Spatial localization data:
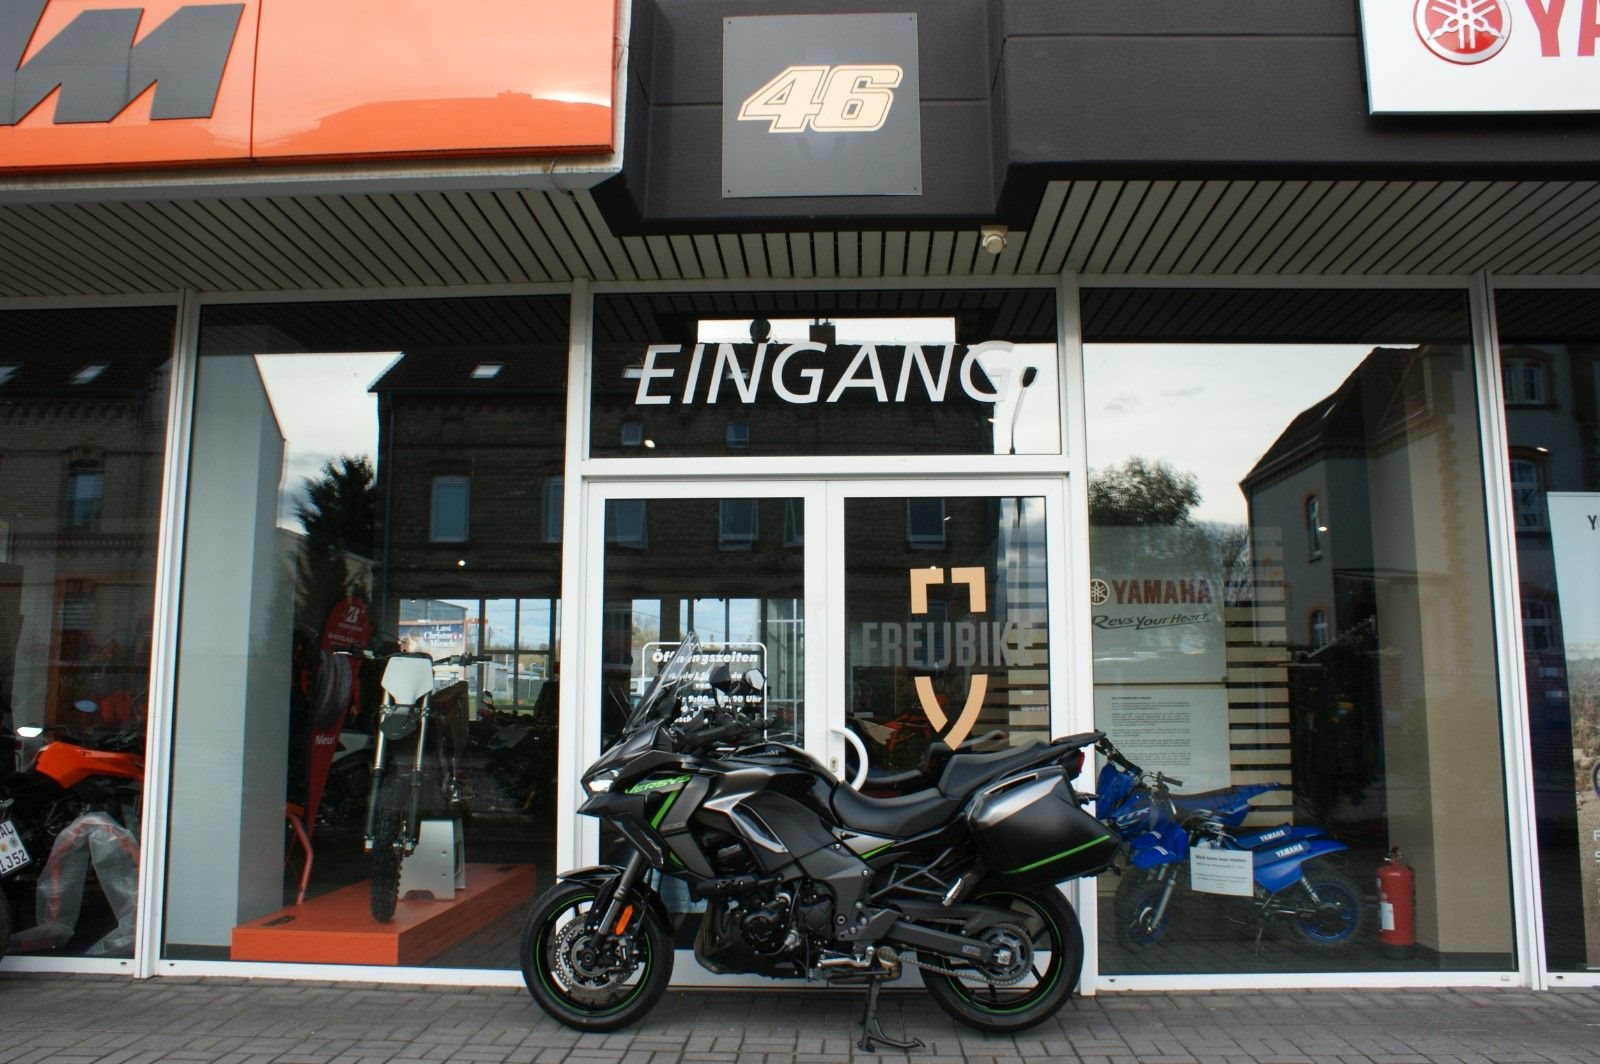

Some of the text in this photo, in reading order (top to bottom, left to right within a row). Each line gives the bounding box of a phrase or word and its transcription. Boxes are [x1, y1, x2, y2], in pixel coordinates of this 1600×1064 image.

[737, 64, 904, 133] 46
[634, 341, 1015, 405] EINGANG
[1112, 579, 1213, 604] YAMAHA
[625, 774, 692, 794] VERSYS
[1259, 829, 1285, 842] YAMAHA
[1275, 843, 1304, 858] YAMAHA
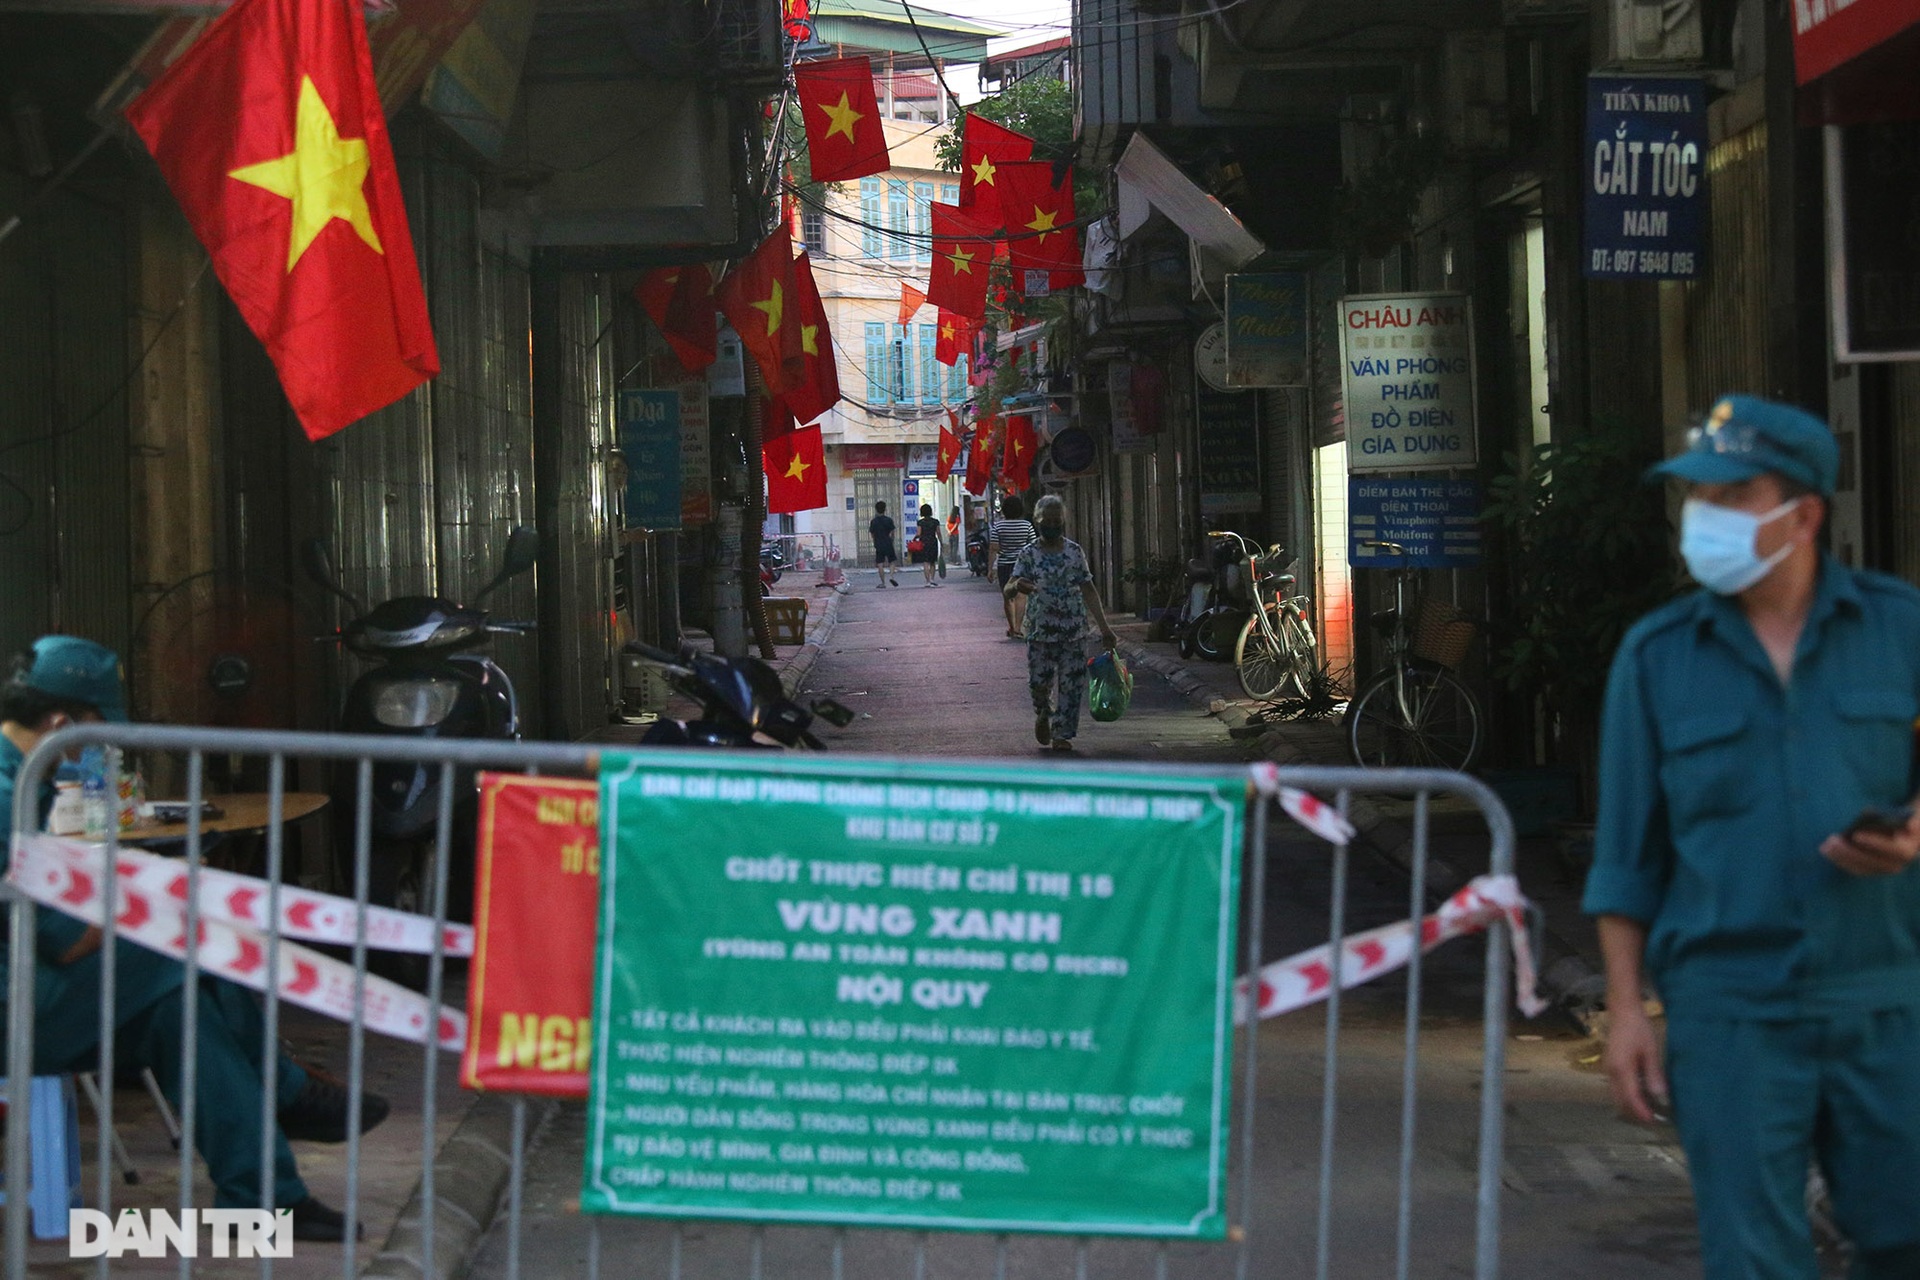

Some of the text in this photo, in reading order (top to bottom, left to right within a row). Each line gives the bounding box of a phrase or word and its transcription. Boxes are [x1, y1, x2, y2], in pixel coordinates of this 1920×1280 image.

Task objective » Make an exact copy of every entry above, minus the images.

Solution »
Some of the text in this photo, in reading order (top to bottom, left to right within a row). Each line gives the bounding box of a phrase or word and its transcription. Boxes are [x1, y1, x2, y2], in pixel coordinates of this 1600×1064 image.

[737, 64, 904, 133] 46
[634, 341, 1015, 405] EINGANG
[1112, 579, 1213, 604] YAMAHA
[625, 774, 692, 794] VERSYS
[1259, 829, 1285, 842] YAMAHA
[1275, 843, 1304, 858] YAMAHA

Some of the text in this photo, in reading order (top to bottom, left to right within a row). Each line gives the bounding box of a phrase or word and its transcription. Boxes are [x1, y1, x2, y2], in pixel coordinates of this 1920×1280 image.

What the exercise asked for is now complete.